Fifth: That in between the period between the verdict of the jury, on July 14th, 1961 and the commencement of the instant sanity hearing on October 25th, 1961, defendant pro se had prepared and submitted to this court motions in arrest of judgment, attacking the sufficiency of the indictment, and seeking other relief. One of these motions comprised over 100 pages, setting forth 22 separate and distinct points of law in support of defendant's contentions therein. While not passing upon the validity of the questions of law raised, nevertheless the arguments presented in all of these papers reveal clear thinking, the capacity for lucid and coherent expression, unimpaired reasoning powers, an astounding memory, and a complete comprehension of the import of all of the proceedings that had theretofore taken place, and of defendant's then legal status.
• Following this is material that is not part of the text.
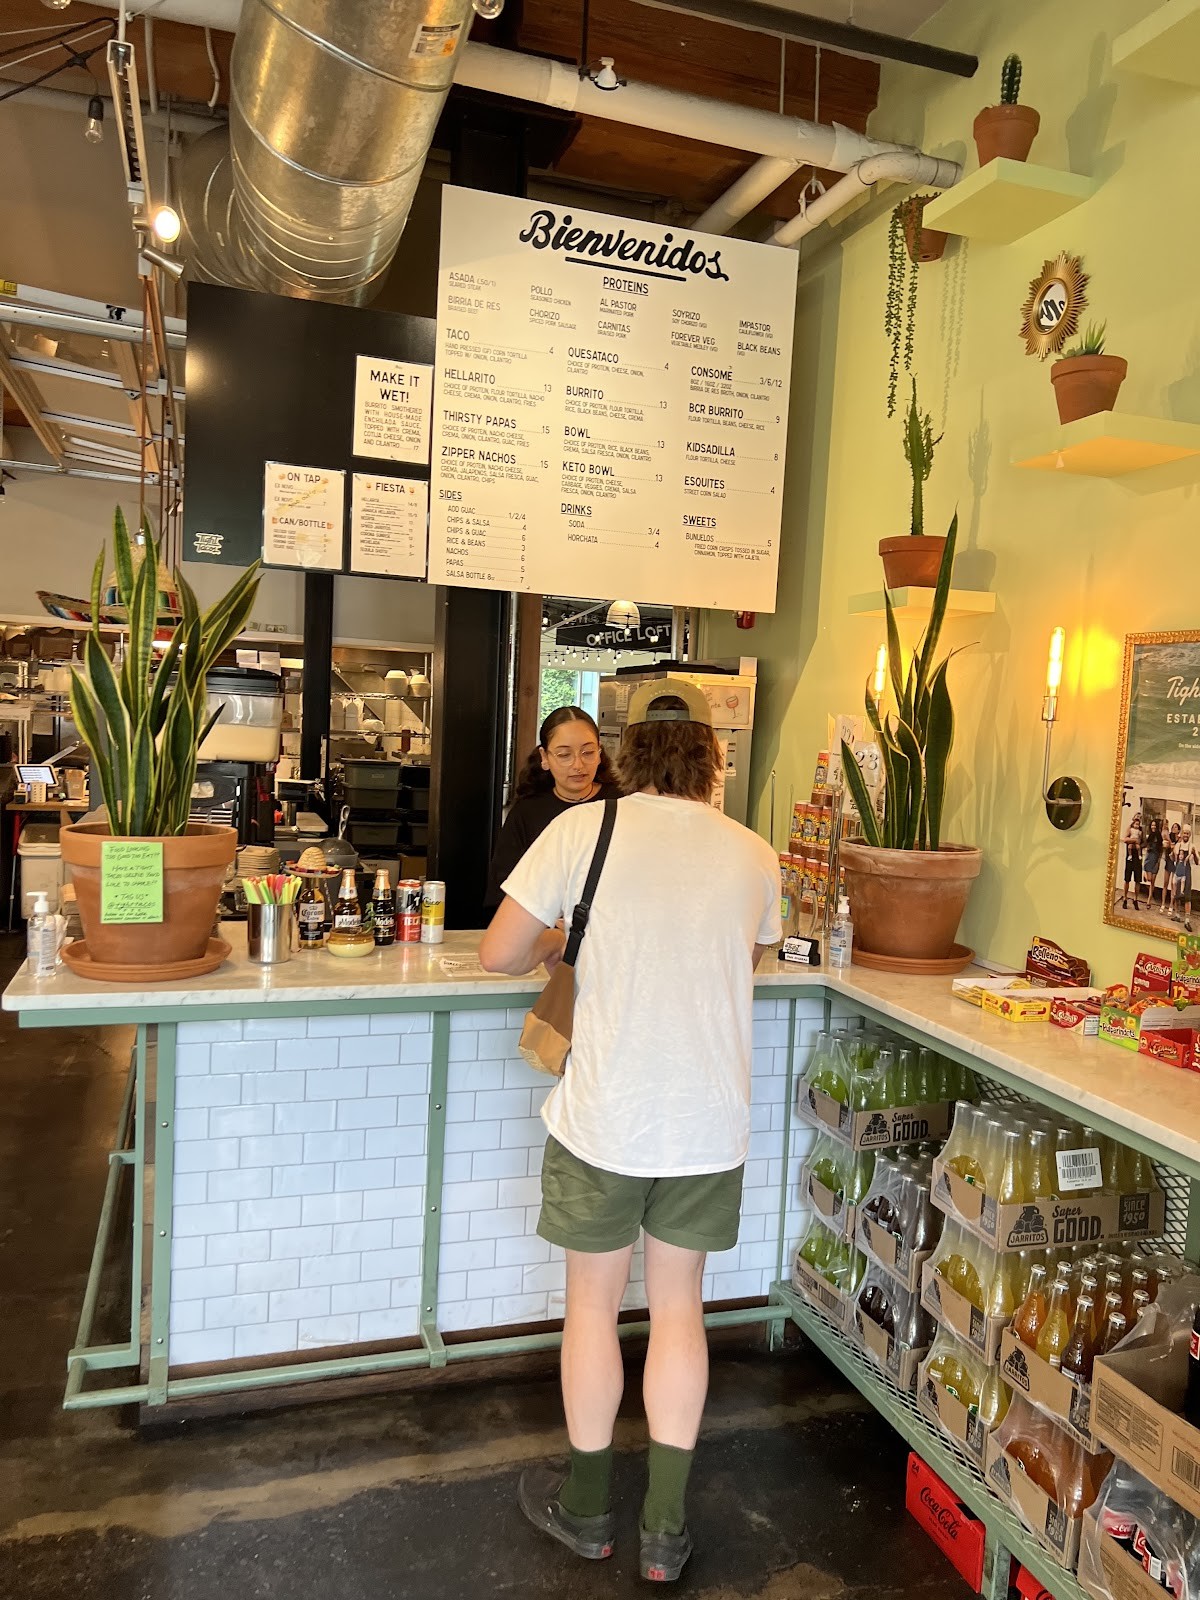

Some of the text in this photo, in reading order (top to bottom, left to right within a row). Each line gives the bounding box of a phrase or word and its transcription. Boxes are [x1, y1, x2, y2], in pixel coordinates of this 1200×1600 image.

The oral argument by defendant in support of his application for permission to represent himself in the pending proceedings, was forceful, rational, pressing and cogent; and clearly demonstrated to this Court defendant's ability to capably and intelligently represent himself.

Under the circumstances the Court could not in good conscience possibly justify denying defendant his statutory and constitutional right to represent himself.

Assuming, arguendo, that the hearing resulted in a determination that defendant is in such a mental state as to render him incapable of understanding the nature of the charge, indictment, proceedings or of making a defense thereto, then nothing will have been lost, since the District Attorney will have failed in his effort to controvert the report of the Kings County Hospital. On the other hand, should the District Attorney succeed in controverting the report, then it will have been determined that the defendant was in such a state of sanity as to have an absolute legal right to have represented himself. Under the latter circumstance the Court would have committed grave error in denying him this right. Further, if defendant were in the state alleged in the report of Kings County Hospital certainly his conduct of the hearing would serve to cast light upon the validity of the finding expressed in the report. After all, in the last analysis--what we are actually concerned with is defendant's capacity to understand and cope with the criminal proceedings he is faced with in the Courtroom, and not the problems presented to him in the hospital examining room.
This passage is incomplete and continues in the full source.